Effects of DDT on Animal.
Effects of DDT on Animal and Bird populations
Background and History of the Project
The case study Effects of DDT on animal and bird population: Silent Spring by Rachel Carson sought to unearth the reality of how the environment, in specific birds across the United States suffered owing to the rampant application of dichlorodiphenyltrichloroethane, DDT, a synthetic pesticide which was meant for insects and mosquito control. In the case study, Carson found that birds were laying thin-shelled eggs and consequently premature hatching which in turn too resulted to high decline in bird population after ingestion of DDT. Carson cited that the continued use of dichlorodiphenyltrichloroethane was only but a swift means to the extinction of birds, some of which were national symbols of the country, for instance the bald eagles (Carson, 20).

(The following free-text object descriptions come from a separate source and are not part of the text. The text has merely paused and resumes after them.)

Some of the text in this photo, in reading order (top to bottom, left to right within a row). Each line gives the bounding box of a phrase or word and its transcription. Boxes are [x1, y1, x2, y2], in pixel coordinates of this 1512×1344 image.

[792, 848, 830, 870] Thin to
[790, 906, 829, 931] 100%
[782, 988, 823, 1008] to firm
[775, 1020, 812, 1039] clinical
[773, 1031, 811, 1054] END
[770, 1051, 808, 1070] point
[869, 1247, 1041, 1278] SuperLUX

Carson argued and with proof felt that the continued use of dichlorodiphenyltrichloroethane was putting the bird population at risk and to a brink of extinction. In reaction to this, Carson therefore proposed that the use of DDT was harmful to the bird population and the only remedy was banning it. The case study Silent Spring successfully hit the eyes of many and carries the accolades even to date of the modern environmental movement with the resurgence and recovery of the bald eagle being a perfect example of how the environmental laws have restored what was once a diminishing national symbol (Carson, 61).

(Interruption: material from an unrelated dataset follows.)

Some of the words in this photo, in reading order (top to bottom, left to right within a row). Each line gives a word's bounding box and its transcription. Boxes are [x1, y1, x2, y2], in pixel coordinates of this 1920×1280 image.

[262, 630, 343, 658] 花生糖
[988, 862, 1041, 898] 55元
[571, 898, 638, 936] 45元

Ethical questions or problems that came up
The Silent Spring highlighted the hostility of chemical companies and the harmful selfish use of pesticides, DDT for this case, causing a major shift in the way the public perceived them and too brought about some needed consciousness concerning the environment (Hustad, 33). It was therefore for the country to choose between continuing to extinguish the bird population or to find an alternative remedy for the use of DDT.As much as the pesticide was helping control mosquitoes and other insects, was it going to risk the bird population in the country? It was therefore considered selfish and unethical to continue using DDT at the expense of the bird population. But again the banning of DDT was coming as a conflict in the sense that the bird population was yes going to be saved, but what happens to mosquitoes which were too harmful to human health? (Hustad, 51; Carson 93).
What was actually done in the project?
The project ideally sensitized the general public and brought them to consciousness about what DDT was doing to the bird population in the country. The project acted as an eye opener showing the damages that the bird population was incurring courtesy of the use of DDT and other pesticides (Carson, 79).
How would you address the ethical questions and problems?
Though the DDT mosquito control is of great importance to human health, it will be selfish to continue using it at the expense of bird population. Therefore, I would advocate that it is banned and a remedy to mosquitoes which I know is achievable sought. DDT is not the only remedy to mosquitoes and since there can be an alternative to it which is not harmful to the bird population, then the alternative should be adopted to ensure a win-win situation for both the bird population and the human health (Hustad, 40).